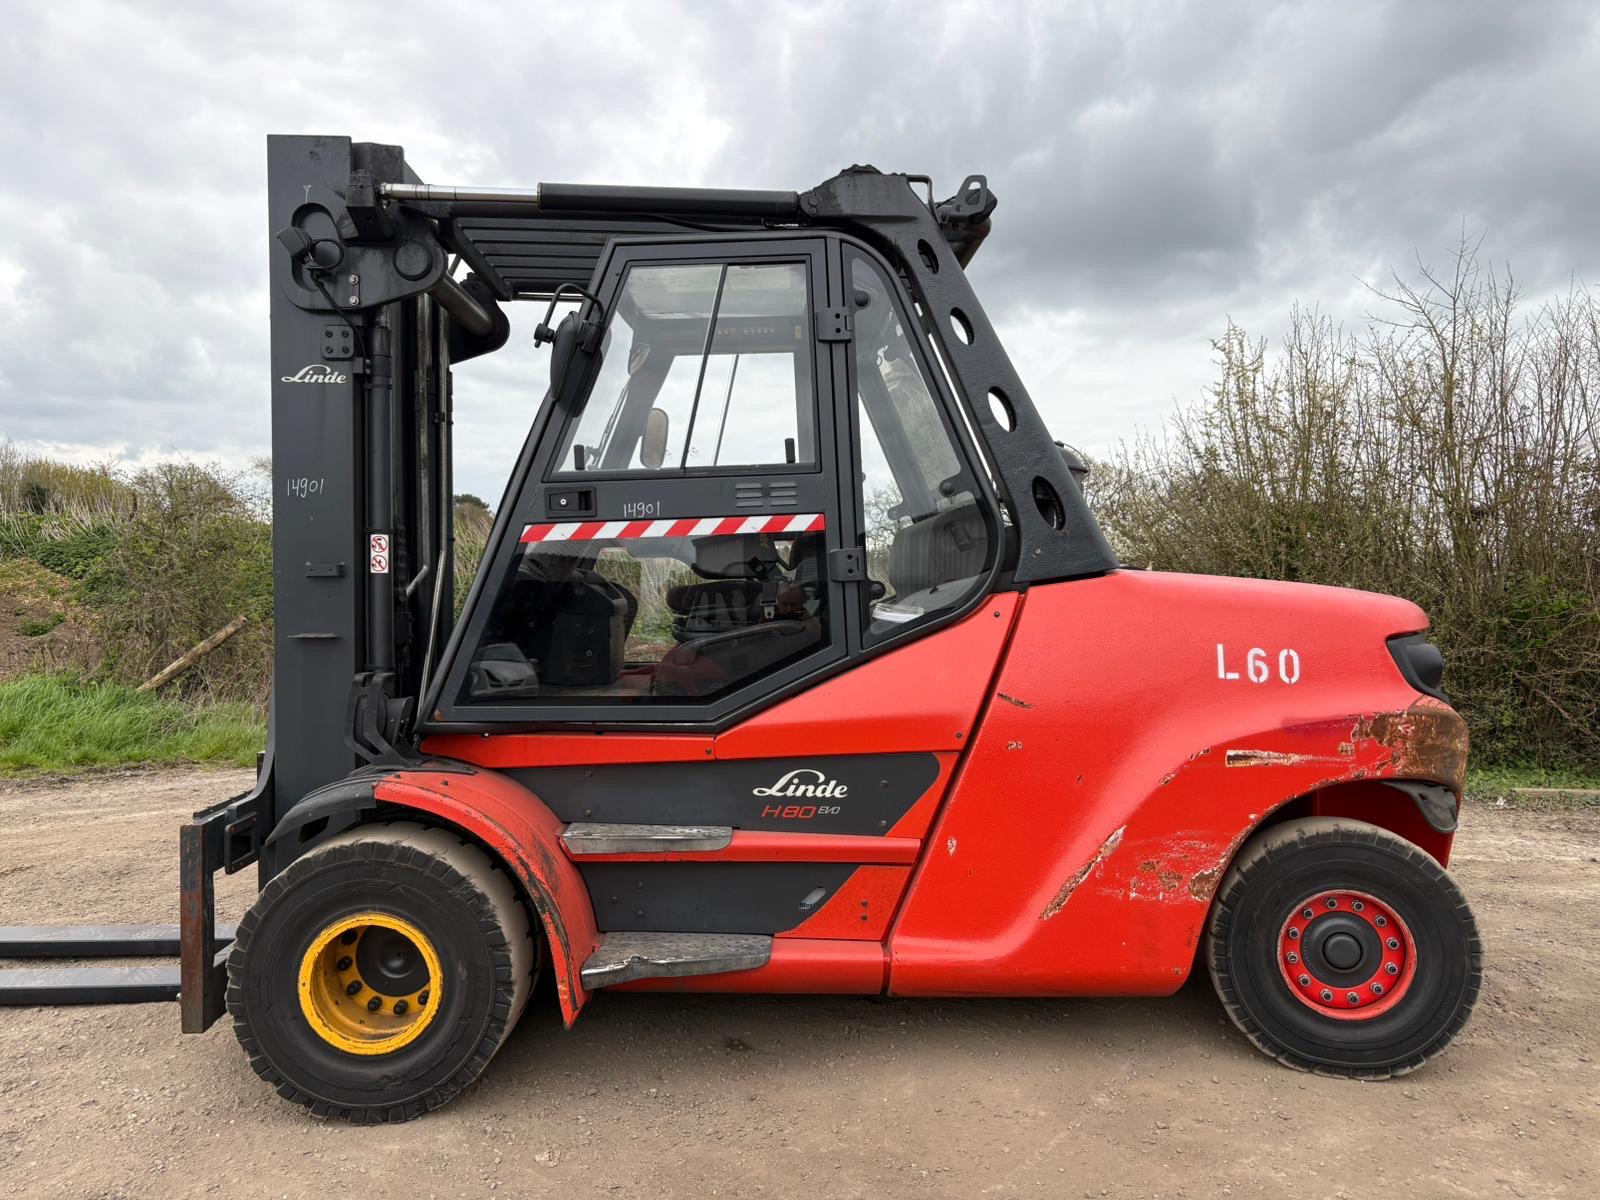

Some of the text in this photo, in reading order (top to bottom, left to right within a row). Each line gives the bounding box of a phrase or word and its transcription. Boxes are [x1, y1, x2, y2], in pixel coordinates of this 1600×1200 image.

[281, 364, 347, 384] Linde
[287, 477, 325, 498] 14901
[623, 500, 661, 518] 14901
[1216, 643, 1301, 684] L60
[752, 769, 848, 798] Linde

————

**ASSIGNMENT:** Restate the records above exactly, less any pictures.

**ANSWER BOX:**
Some of the text in this photo, in reading order (top to bottom, left to right within a row). Each line gives the bounding box of a phrase or word and its transcription. Boxes are [x1, y1, x2, y2], in pixel coordinates of this 1600×1200 image.

[281, 364, 347, 384] Linde
[287, 477, 325, 498] 14901
[623, 500, 661, 518] 14901
[1216, 643, 1301, 684] L60
[752, 769, 848, 798] Linde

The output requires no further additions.